[What is expected]: Using the data below, repeat all of it precisely.
Entries supplied below:
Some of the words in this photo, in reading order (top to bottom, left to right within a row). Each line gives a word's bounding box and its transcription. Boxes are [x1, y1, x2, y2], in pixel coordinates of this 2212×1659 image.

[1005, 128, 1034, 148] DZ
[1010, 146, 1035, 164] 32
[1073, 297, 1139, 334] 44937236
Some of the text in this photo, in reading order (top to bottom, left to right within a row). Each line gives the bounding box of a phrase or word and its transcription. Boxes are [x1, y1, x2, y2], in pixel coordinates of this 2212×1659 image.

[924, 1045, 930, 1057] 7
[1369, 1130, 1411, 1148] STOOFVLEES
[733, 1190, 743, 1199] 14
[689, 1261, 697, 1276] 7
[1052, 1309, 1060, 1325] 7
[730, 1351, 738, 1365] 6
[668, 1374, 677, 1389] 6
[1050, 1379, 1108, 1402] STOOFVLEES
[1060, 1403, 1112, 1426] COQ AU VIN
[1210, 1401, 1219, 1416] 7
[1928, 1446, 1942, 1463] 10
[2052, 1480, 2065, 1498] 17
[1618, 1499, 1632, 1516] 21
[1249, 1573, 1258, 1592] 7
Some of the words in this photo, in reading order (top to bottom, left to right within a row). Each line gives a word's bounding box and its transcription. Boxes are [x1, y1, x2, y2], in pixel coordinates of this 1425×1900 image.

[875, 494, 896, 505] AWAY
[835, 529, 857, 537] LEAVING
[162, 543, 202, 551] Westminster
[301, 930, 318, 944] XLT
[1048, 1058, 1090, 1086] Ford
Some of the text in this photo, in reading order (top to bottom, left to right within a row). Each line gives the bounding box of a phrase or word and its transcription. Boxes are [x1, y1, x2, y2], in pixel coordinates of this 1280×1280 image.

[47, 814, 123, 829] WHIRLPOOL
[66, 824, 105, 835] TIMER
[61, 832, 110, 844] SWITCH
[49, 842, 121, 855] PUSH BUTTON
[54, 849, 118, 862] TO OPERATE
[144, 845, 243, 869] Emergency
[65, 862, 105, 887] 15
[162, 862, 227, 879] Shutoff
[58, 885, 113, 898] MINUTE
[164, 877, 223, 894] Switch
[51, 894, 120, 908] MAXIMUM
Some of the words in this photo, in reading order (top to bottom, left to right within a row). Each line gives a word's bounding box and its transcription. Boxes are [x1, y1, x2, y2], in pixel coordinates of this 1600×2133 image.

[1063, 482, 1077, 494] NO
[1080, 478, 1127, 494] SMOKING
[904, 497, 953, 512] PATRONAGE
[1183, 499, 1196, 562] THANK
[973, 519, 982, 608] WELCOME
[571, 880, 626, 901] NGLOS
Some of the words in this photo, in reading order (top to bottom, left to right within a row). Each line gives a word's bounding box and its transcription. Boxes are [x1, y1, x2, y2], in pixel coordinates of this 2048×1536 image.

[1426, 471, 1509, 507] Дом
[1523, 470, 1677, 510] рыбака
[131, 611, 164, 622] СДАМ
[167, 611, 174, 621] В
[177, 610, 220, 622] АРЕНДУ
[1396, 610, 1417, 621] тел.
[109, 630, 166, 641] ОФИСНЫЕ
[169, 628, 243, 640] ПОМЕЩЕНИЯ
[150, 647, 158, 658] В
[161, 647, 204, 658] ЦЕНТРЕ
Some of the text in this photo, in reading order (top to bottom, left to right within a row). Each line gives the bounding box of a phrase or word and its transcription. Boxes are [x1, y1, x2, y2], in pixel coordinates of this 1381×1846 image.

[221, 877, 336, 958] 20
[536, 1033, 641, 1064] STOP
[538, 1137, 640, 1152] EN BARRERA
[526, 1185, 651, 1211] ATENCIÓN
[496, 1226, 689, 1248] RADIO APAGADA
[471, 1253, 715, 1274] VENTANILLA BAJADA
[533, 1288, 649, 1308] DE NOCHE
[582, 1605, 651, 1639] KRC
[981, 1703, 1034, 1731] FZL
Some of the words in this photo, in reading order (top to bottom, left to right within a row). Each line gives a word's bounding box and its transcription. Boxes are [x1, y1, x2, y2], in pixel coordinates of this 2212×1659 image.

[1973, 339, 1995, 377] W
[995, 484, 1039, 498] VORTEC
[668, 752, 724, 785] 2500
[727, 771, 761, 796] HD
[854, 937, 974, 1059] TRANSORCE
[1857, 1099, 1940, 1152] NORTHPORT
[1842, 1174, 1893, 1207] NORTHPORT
End of Entries supplied.
[Output for this task]:
Some of the words in this photo, in reading order (top to bottom, left to right within a row). Each line gives a word's bounding box and its transcription. Boxes are [x1, y1, x2, y2], in pixel coordinates of this 2212×1659 image.

[1005, 128, 1034, 148] DZ
[1010, 146, 1035, 164] 32
[1073, 297, 1139, 334] 44937236
Some of the text in this photo, in reading order (top to bottom, left to right within a row). Each line gives the bounding box of a phrase or word and its transcription. Boxes are [x1, y1, x2, y2], in pixel coordinates of this 2212×1659 image.

[924, 1045, 930, 1057] 7
[1369, 1130, 1411, 1148] STOOFVLEES
[733, 1190, 743, 1199] 14
[689, 1261, 697, 1276] 7
[1052, 1309, 1060, 1325] 7
[730, 1351, 738, 1365] 6
[668, 1374, 677, 1389] 6
[1050, 1379, 1108, 1402] STOOFVLEES
[1060, 1403, 1112, 1426] COQ AU VIN
[1210, 1401, 1219, 1416] 7
[1928, 1446, 1942, 1463] 10
[2052, 1480, 2065, 1498] 17
[1618, 1499, 1632, 1516] 21
[1249, 1573, 1258, 1592] 7
Some of the words in this photo, in reading order (top to bottom, left to right within a row). Each line gives a word's bounding box and its transcription. Boxes are [x1, y1, x2, y2], in pixel coordinates of this 1425×1900 image.

[875, 494, 896, 505] AWAY
[835, 529, 857, 537] LEAVING
[162, 543, 202, 551] Westminster
[301, 930, 318, 944] XLT
[1048, 1058, 1090, 1086] Ford
Some of the text in this photo, in reading order (top to bottom, left to right within a row). Each line gives the bounding box of a phrase or word and its transcription. Boxes are [x1, y1, x2, y2], in pixel coordinates of this 1280×1280 image.

[47, 814, 123, 829] WHIRLPOOL
[66, 824, 105, 835] TIMER
[61, 832, 110, 844] SWITCH
[49, 842, 121, 855] PUSH BUTTON
[54, 849, 118, 862] TO OPERATE
[144, 845, 243, 869] Emergency
[65, 862, 105, 887] 15
[162, 862, 227, 879] Shutoff
[58, 885, 113, 898] MINUTE
[164, 877, 223, 894] Switch
[51, 894, 120, 908] MAXIMUM
Some of the words in this photo, in reading order (top to bottom, left to right within a row). Each line gives a word's bounding box and its transcription. Boxes are [x1, y1, x2, y2], in pixel coordinates of this 1600×2133 image.

[1063, 482, 1077, 494] NO
[1080, 478, 1127, 494] SMOKING
[904, 497, 953, 512] PATRONAGE
[1183, 499, 1196, 562] THANK
[973, 519, 982, 608] WELCOME
[571, 880, 626, 901] NGLOS
Some of the words in this photo, in reading order (top to bottom, left to right within a row). Each line gives a word's bounding box and its transcription. Boxes are [x1, y1, x2, y2], in pixel coordinates of this 2048×1536 image.

[1426, 471, 1509, 507] Дом
[1523, 470, 1677, 510] рыбака
[131, 611, 164, 622] СДАМ
[167, 611, 174, 621] В
[177, 610, 220, 622] АРЕНДУ
[1396, 610, 1417, 621] тел.
[109, 630, 166, 641] ОФИСНЫЕ
[169, 628, 243, 640] ПОМЕЩЕНИЯ
[150, 647, 158, 658] В
[161, 647, 204, 658] ЦЕНТРЕ
Some of the text in this photo, in reading order (top to bottom, left to right within a row). Each line gives the bounding box of a phrase or word and its transcription. Boxes are [x1, y1, x2, y2], in pixel coordinates of this 1381×1846 image.

[221, 877, 336, 958] 20
[536, 1033, 641, 1064] STOP
[538, 1137, 640, 1152] EN BARRERA
[526, 1185, 651, 1211] ATENCIÓN
[496, 1226, 689, 1248] RADIO APAGADA
[471, 1253, 715, 1274] VENTANILLA BAJADA
[533, 1288, 649, 1308] DE NOCHE
[582, 1605, 651, 1639] KRC
[981, 1703, 1034, 1731] FZL
Some of the words in this photo, in reading order (top to bottom, left to right within a row). Each line gives a word's bounding box and its transcription. Boxes are [x1, y1, x2, y2], in pixel coordinates of this 2212×1659 image.

[1973, 339, 1995, 377] W
[995, 484, 1039, 498] VORTEC
[668, 752, 724, 785] 2500
[727, 771, 761, 796] HD
[854, 937, 974, 1059] TRANSORCE
[1857, 1099, 1940, 1152] NORTHPORT
[1842, 1174, 1893, 1207] NORTHPORT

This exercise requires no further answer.